WHY PEOPLE RESIST CHANGE
Turn difficult people into supporters of change.
By Ruth Tearle
People who resist change, are not ‘difficult people’. Rather they are often highly intelligent people who have thought about the change carefully, and have good reasons for resisting it.
Here are 10 common reasons why people resist change in organizations:
1. They don’t see the benefits.
People who resist change don't see much benefit for themselves resulting from the change. All they can see is extra work and extra stress. Cutting costs, or restructuring simply means “We have to work harder to make the shareholders richer.’” And that is often true.
2. The benefits are not worth it.
People who resist change believe that the benefits resulting from the change, are not worth the extra work and stress they will experience in order to make the change work.
3. The change will hurt them.
People often resist change because they will be worse off as a result of the change. Their past experience or skills will no longer be seen as valuable in the new environment. Their status may diminish. They will feel less important and may even feel discarded or redundant.
4. They don’t believe the benefits will be achieved.
People who resist change often see a number of barriers to the change, that are being ignored by the leaders. These barriers will, in their minds, prevent the change from working. Many of them, have been through many change processes before that have not been implemented well. They have seen so many projects starting with a great fanfare, and never completed. “Why should this one be different?” They ask.
5. They don’t see how this change is going to work.
When people attend a launch of a new project or change, they want answers to the following questions, before they are prepared to trust that the change will work.

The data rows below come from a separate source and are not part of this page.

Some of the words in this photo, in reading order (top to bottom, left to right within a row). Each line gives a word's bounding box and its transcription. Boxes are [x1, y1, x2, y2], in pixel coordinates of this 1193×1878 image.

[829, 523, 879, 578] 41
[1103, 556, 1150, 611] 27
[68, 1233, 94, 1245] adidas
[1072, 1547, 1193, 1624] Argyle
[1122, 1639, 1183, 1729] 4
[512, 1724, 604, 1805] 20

- Where is the implementation plan?
- Is the change actively supported by people in power?
- Who is responsible for what? Are there clear roles?
- Does everyone have the support they will need?
6. They feel afraid.
Will they be able to master the change? Will they be made to feel incompetent?

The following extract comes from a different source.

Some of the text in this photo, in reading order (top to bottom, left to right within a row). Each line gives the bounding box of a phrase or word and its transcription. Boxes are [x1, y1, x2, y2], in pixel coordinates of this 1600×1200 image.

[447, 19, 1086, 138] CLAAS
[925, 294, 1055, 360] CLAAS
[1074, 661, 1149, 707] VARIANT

7. They don’t know what is expected of them.
Some people tell them this change is worthwhile. Others are saying it is a waste of time. They don’t know who to believe.
8. They don’t trust you.
People won't support people they don't trust. Perhaps in the past, you failed to listen or care for them. They don’t see why they should go out of their way to help you now. They don’t trust your intentions. You say the change will benefit them, but can they really believe it? Are you not just trying to manipulate or bully them?
9. They don’t feel valued.
If people don't feel valued, then they won't be motivated to work harder to make your change work. Many will ask, 'does it really matter if we contribute or not?'
10. They don't see it as a priority.
People who resist change, are not difficult people. They are usually highly intelligent people who are asking you to do your job as a leader.
They are already overloaded with work. They don't have the time for your change. They are being measured and rewarded for other work. Time spent on your change, will mean they will have less time to spend on work that they are being measured on. So it is not in their best interests to support your change.
People who resist change, want to ensure that you as a leader have done your preparation, before you ask them to support you.
The bottom line of why people resist change.
Before committing to any change, a intelligent person will ask themselves this question. Are the benefits I will receive from the change worth the extra work I will need put in? And will I actually see these benefits or will politics or lack of implementation mean that I am simply wasting my time by supporting this change?
If you can answer this question clearly, they will support you. If you can't answer this question clearly, then you will get resistance.
Before you attempt to communicate with any employees it is important to take the time you need to get a clear answer to this question. One way to do this is to develop a comprehensive change management strategy. This will provide you with the information you need answer employees' questions and objections clearly and simply. By doing so, you will win their respect and support.